• [Task item] Restate the listing below word for word, and leave its pictures behind.
^^^^^^^^
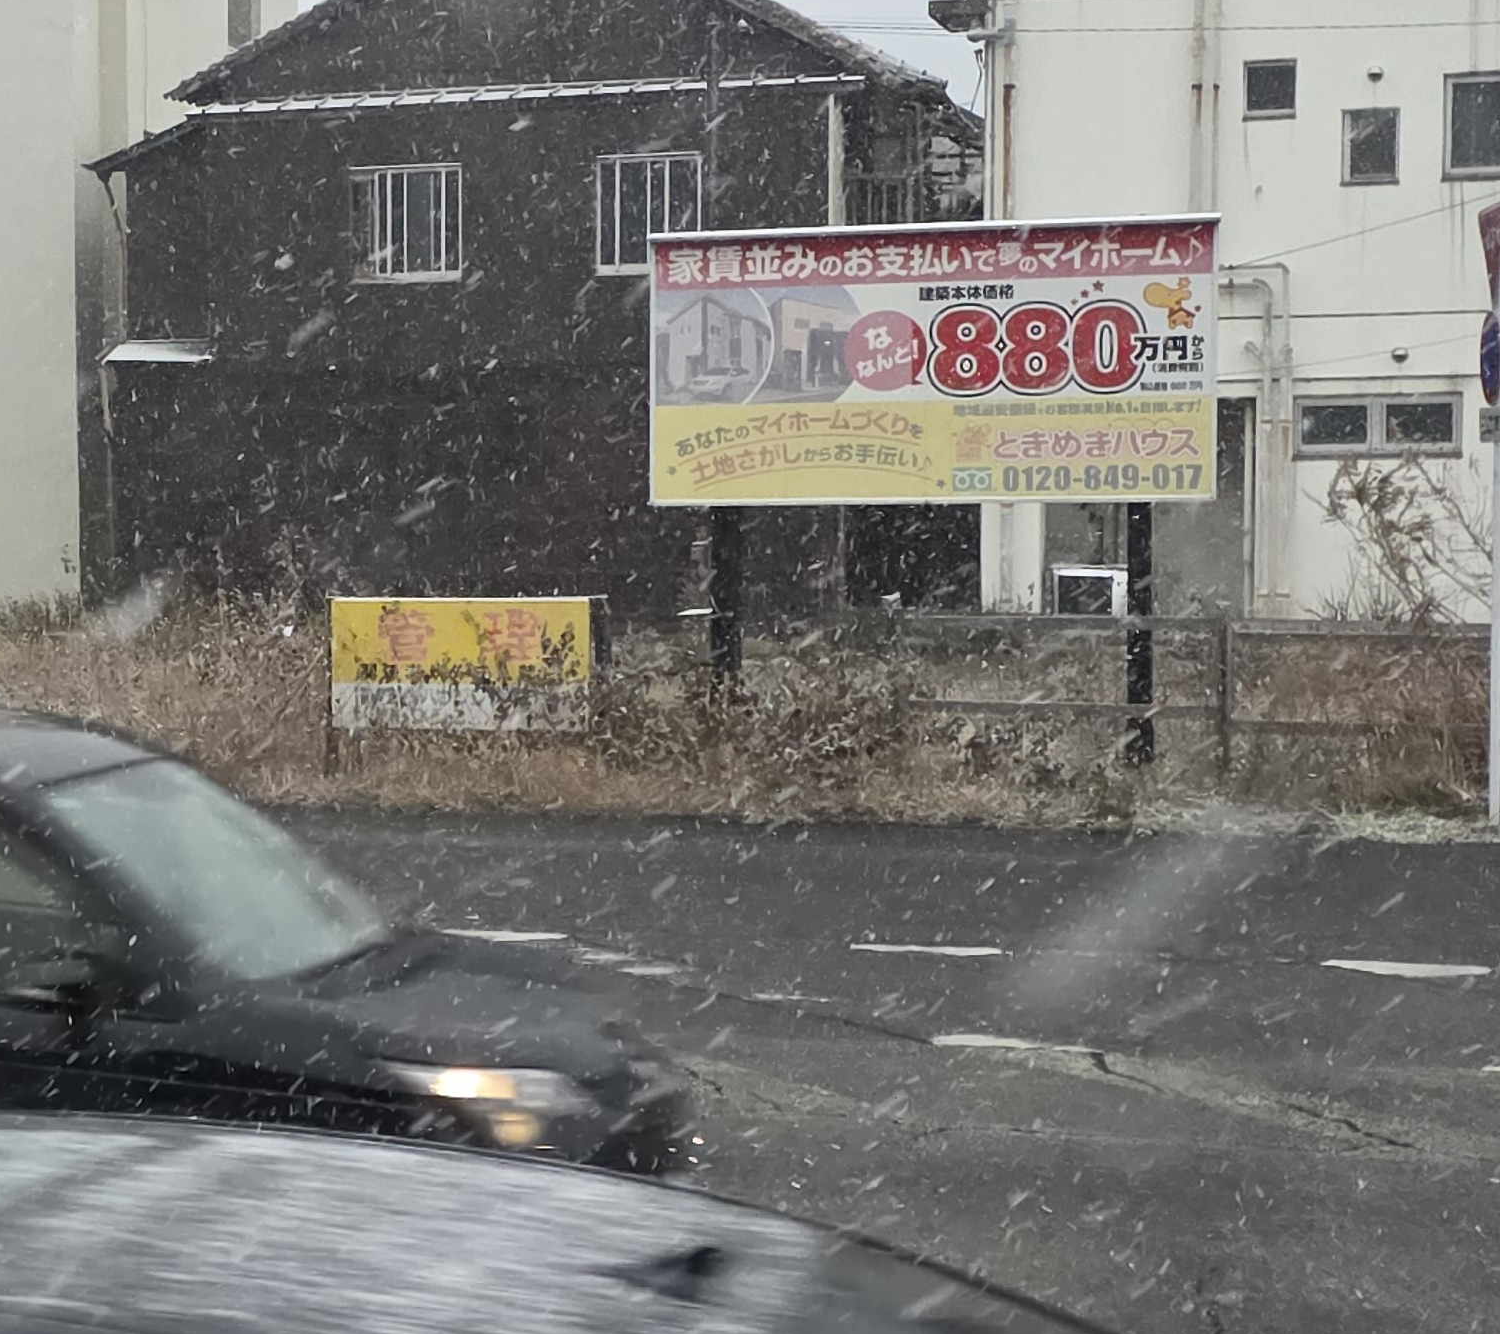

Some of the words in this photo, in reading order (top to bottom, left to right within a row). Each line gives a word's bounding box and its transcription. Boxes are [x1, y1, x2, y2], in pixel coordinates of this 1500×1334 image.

[918, 284, 1014, 302] 建築本体価格
[674, 409, 924, 457] あなたのマイホームづくりを
[993, 428, 1200, 459] ときめきハウス
[1002, 463, 1203, 492] 0120-849-017
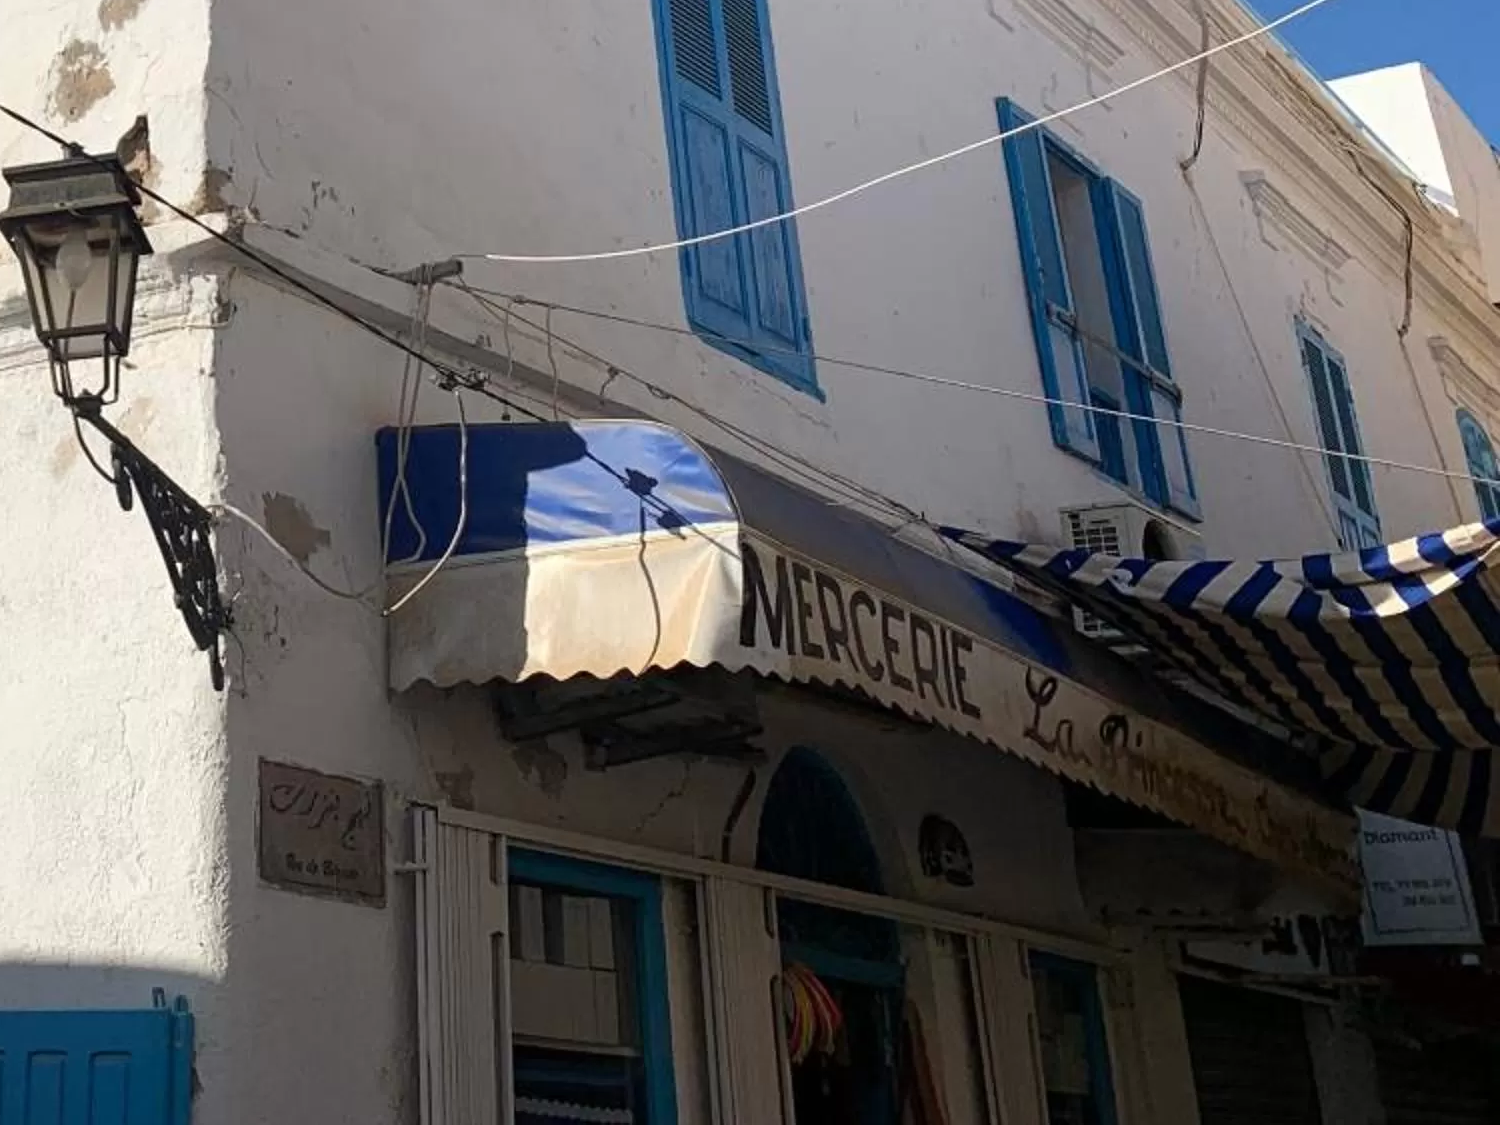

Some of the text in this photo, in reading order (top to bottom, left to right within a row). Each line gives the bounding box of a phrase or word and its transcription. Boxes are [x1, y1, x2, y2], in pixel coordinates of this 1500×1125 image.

[739, 541, 980, 719] MERCERIE
[1023, 664, 1091, 765] La
[1363, 829, 1440, 845] Diamant
^^^^^^^^
• [Response to the exercise]
Some of the words in this photo, in reading order (top to bottom, left to right within a row). Each line gives a word's bounding box and its transcription. Boxes are [x1, y1, x2, y2], in pixel coordinates of this 1500×1334 image.

[918, 284, 1014, 302] 建築本体価格
[674, 409, 924, 457] あなたのマイホームづくりを
[993, 428, 1200, 459] ときめきハウス
[1002, 463, 1203, 492] 0120-849-017

Some of the text in this photo, in reading order (top to bottom, left to right within a row). Each line gives the bounding box of a phrase or word and its transcription. Boxes are [x1, y1, x2, y2], in pixel coordinates of this 1500×1125 image.

[739, 541, 980, 719] MERCERIE
[1023, 664, 1091, 765] La
[1363, 829, 1440, 845] Diamant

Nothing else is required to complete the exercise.